# Machine learning for biology, part three

How do we score our k-nearest neighbors classifier?

We will use a training set (80%) and a testing set (20%).

In [7]:
import pandas as pd
import seaborn as sns
import numpy as np

df = pd.read_csv("https://raw.githubusercontent.com/allisonhorst/palmerpenguins/master/inst/extdata/penguins.csv")
df = df.dropna()

We modify our earlier function to take k as a parameter, so we can test different values of k. We also take in the dataset to be used as training.

In [8]:
def classify_penguin(bill_length, flipper_length, k, data):
    bill_length_difference = data['bill_length_mm'] - bill_length
    flipper_length_difference = data['flipper_length_mm'] - flipper_length
    overall_distance = np.sqrt(flipper_length_difference ** 2 + bill_length_difference ** 2)
    data['distance to new point'] = overall_distance

    most_common_species_nearby = data.sort_values('distance to new point').head(k)['species'].mode()[0]

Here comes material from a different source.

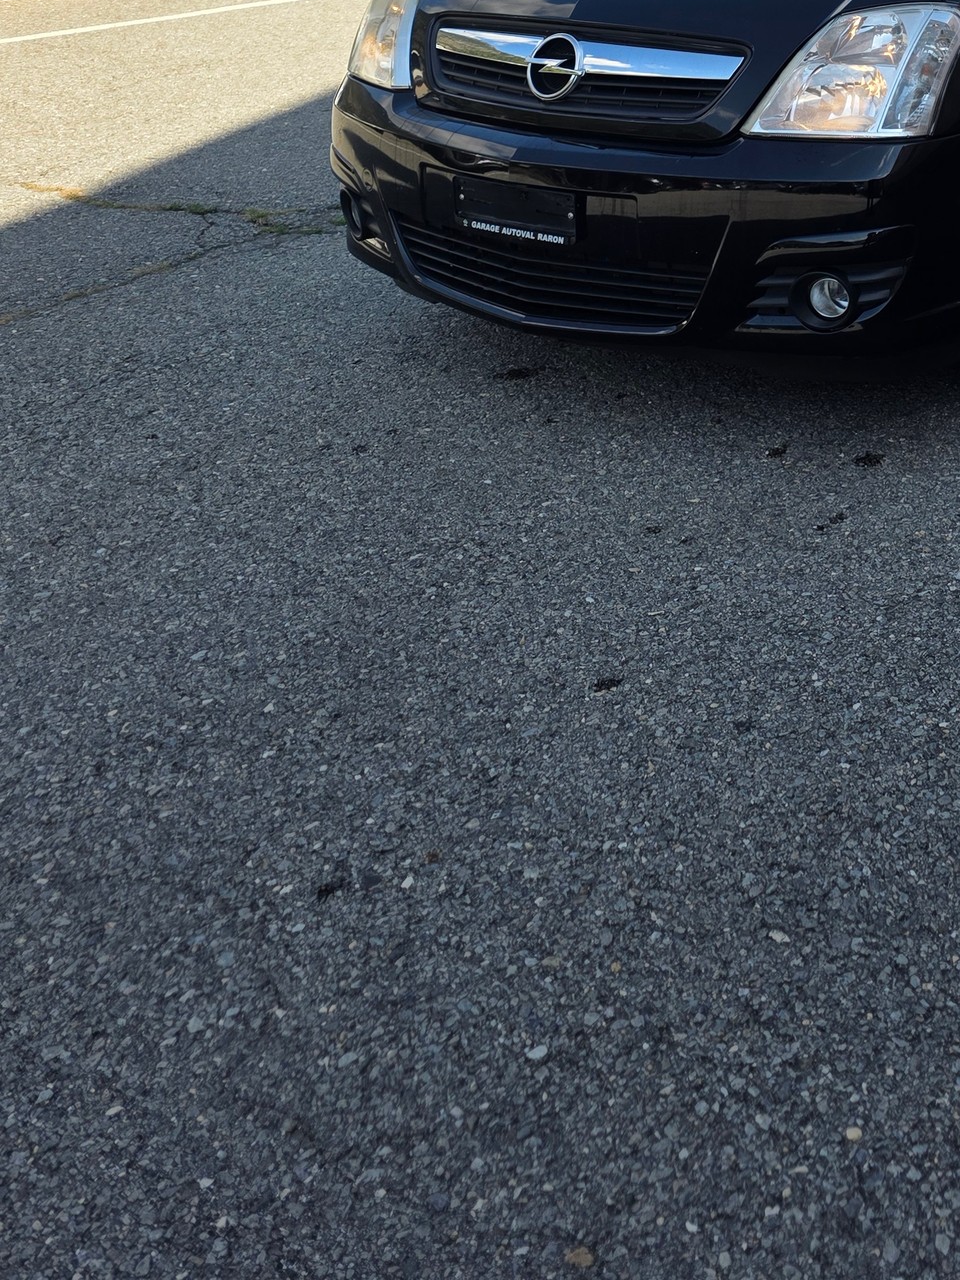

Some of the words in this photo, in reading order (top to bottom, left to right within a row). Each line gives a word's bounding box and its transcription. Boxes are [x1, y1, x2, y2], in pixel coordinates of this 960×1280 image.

[471, 221, 500, 233] GARAGE
[501, 227, 535, 240] AUTOVAL
[537, 233, 565, 245] RARON

    return most_common_species_nearby


We randomly assign 80% of our data to be 'training' and 20% to be 'testing'.

In [9]:
df['assignment'] = np.random.choice(['training', 'testing'], len(df), p=[0.8, 0.2])
df

Unnamed: 0,species,island,bill_length_mm,bill_depth_mm,flipper_length_mm,body_mass_g,sex,year,assignment
0,Adelie,Torgersen,39.1,18.7,181.0,3750.0,male,2007,testing
1,Adelie,Torgersen,39.5,17.4,186.0,3800.0,female,2007,training
2,Adelie,Torgersen,40.3,18.0,195.0,3250.0,female,2007,training
4,Adelie,Torgersen,36.7,19.3,193.0,3450.0,female,2007,training
5,Adelie,Torgersen,39.3,20.6,190.0,3650.0,male,2007,training
...,...,...,...,...,...,...,...,...,...
339,Chinstrap,Dream,55.8,19.8,207.0,4000.0,male,2009,training
340,Chinstrap,Dream,43.5,18.1,202.0,3400.0,female,2009,training
341,Chinstrap,Dream,49.6,18.2,193.0,3775.0,male,2009,testing
342,Chinstrap,Dream,50.8,19.0,210.0,4100.0,male,2009,training


In [10]:
training_data = df[df['assignment'] == 'training']
testing_data = df[df['assignment'] == 'testing']

In [13]:
predictions = testing_data.apply(lambda p: classify_penguin(p.bill_length_mm, p.flipper_length_mm, 10, training_data), axis=1)
(predictions == testing_data['species']).value_counts(normalize=True)[True]


0.9358974358974359

What if we change the value of k? Test all values of k from 1 to 10.

In [16]:
k_scores = []
for k in range(1, 11):
    predictions = testing_data.apply(lambda p: classify_penguin(p.bill_length_mm, p.flipper_length_mm, k, training_data), axis=1)
    score = (predictions == testing_data['species']).value_counts(normalize=True)[True]
    k_scores.append([k, score])
pd.DataFrame(data = k_scores, columns=['k', 'score'])

Unnamed: 0,k,score
0,1,0.948718
1,2,0.948718
2,3,0.948718
3,4,0.948718
4,5,0.948718
5,6,0.948718
6,7,0.948718
7,8,0.935897
8,9,0.935897
9,10,0.935897


Note that these scores only represent one possible split of the data into testing and training sets. If we use a different split each time, we will see different results.

Is there a better, deterministic way of evaluating the performance of our function?